About 12.20pm on Monday, a 13-seater commercial charter plane skidded to a stop on the wet runway at Newcastle Airport.

A crowd had gathered to see the tense descent, and more than 22,000 people were tracking the plane on FlightRadar24 after news broke of a landing gear malfunction about 90 minutes earlier.

Shortly after takeoff about 8.30am, the 50-year-old pilot from Queensland reported the landing gear had malfunctioned.

On board were a married couple in their 60s. The plane circled Newcastle Airport burning fuel for hours, took a jaunt out to sea and glided onto the tarmac in a textbook manoeuvre with no injuries to report.

Captain Byron Bailey flew fighter jets in the Air Force, the largest planes for Emirates and now jets around billionaires. Mr Bailey said the pilot did well on Monday, but airmen and women were trained for such scenarios.

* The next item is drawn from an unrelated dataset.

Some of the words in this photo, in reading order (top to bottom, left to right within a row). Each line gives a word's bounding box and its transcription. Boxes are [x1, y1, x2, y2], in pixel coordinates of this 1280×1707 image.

Now 80 years of age and still flying, Mr Bailey said the pilot on Monday came in a little fast so he could turn off the props and minimise damage to the plane.

“He did good, and if the runway’s wet that’s good; which it was,” Mr Bailey said.

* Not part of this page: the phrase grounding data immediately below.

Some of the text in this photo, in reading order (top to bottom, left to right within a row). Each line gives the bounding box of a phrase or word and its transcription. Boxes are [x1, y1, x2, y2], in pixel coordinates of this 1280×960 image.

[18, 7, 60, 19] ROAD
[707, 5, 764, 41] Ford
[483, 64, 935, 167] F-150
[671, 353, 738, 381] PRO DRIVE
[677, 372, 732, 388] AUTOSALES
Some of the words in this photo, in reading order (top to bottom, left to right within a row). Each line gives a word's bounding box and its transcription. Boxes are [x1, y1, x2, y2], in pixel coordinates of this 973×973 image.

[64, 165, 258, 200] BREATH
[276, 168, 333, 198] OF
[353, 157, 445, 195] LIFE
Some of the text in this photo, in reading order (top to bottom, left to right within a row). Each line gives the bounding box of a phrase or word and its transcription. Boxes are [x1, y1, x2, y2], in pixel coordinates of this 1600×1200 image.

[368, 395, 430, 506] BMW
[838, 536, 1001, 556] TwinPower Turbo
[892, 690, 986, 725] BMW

“The pilot did a good job … You can’t get certified if you can’t do it (land wheels-up).”

Mr Bailey could not estimate how many light aeroplanes landed on their bellies each year in Australia.

“It’s not really an emergency. It is in a way … It doesn’t always make the news.”

“It’s not uncommon.”

He estimated one-in-a-thousand wheels-up landings ended in significant damage or injury. A plane landed wheels-up at Bankstown recently, and it happened at rural air strips like Mount Isa, Mr Bailey said.

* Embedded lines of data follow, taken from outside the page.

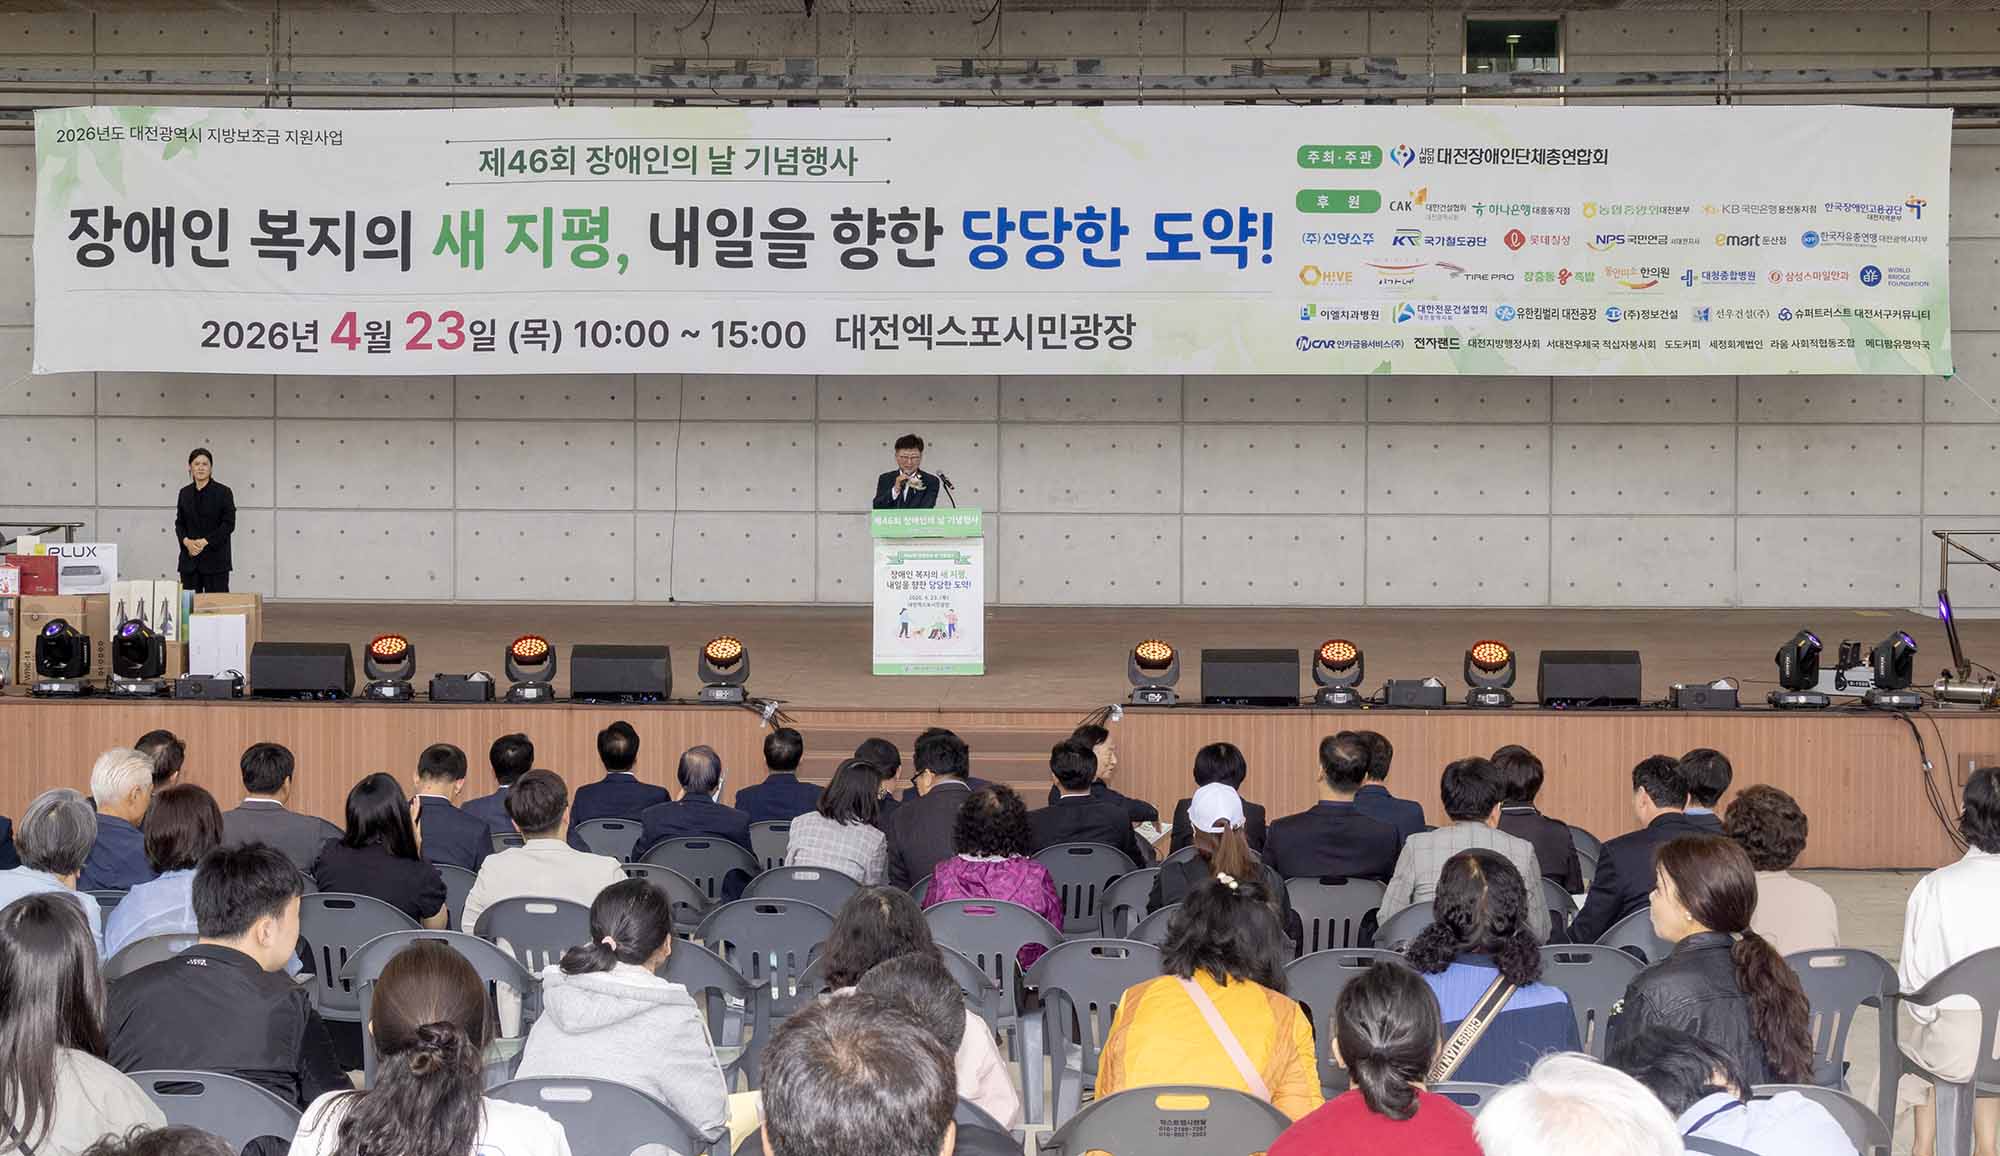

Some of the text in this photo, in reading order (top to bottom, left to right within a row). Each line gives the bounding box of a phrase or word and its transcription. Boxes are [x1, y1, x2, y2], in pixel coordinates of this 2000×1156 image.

[56, 126, 343, 146] 2026년도 대전광역시 지방보조금 지원사업
[479, 145, 857, 177] 제46회 장애인의 날 기념행사
[1437, 147, 1609, 166] 대전장애인단체총연합회
[1389, 201, 1412, 212] CAK
[1825, 202, 1902, 216] 한국장애인고용공단
[68, 205, 1272, 275] 장애인 복지의 새 지평, 내일을 향한 당당한 도약!
[1424, 236, 1487, 247] 국가철도공단
[1596, 234, 1625, 245] NPS
[1627, 234, 1668, 246] 국민연금
[1715, 233, 1760, 247] emart
[1821, 231, 1877, 244] 한국자유총연맹
[1464, 273, 1514, 281] TIRE PRO
[1702, 270, 1756, 282] 대청종합병원
[1320, 309, 1379, 321] 이엘치과병원
[1417, 304, 1488, 315] 대한전문건설협회
[1516, 308, 1597, 320] 유한킴벌리 대전공장
[1623, 309, 1678, 321] (주)정보건설
[1795, 308, 1930, 321] 슈퍼트러스트 대전서구커뮤니티
[201, 319, 319, 353] 2026년
[330, 311, 392, 354] 4월
[404, 310, 497, 353] 23일
[508, 320, 562, 353] (목)
[575, 320, 668, 349] 10:00
[711, 320, 806, 349] 15:00
[835, 314, 1136, 352] 대전엑스포시민광장
[1414, 337, 1460, 350] 전자랜드
[1468, 338, 1540, 350] 대전지방행정사회
[1546, 339, 1656, 350] 서대전우체국 적십자봉사회
[1665, 339, 1701, 350] 도도커피
[1709, 339, 1763, 350] 세정회계법인
[1791, 338, 1855, 350] 사회적협동조합
[1441, 1016, 1483, 1068] CHRISTIAN

It was a Beechcraft B200 Super King Air plane involved on Monday.

“Our King Air aviation fleet is getting old. Things start to happen. It’s not dangerous, it’s not a real emergency,” Mr Bailey said.

He explained the Beechcraft ran on kerosene fuel; as he had experienced first hand, a kerosene-run plane could be struck by lighting and not burst into flames.

The plane circled burning fuel on Monday to be as light as possible for landing, Mr Bailey said.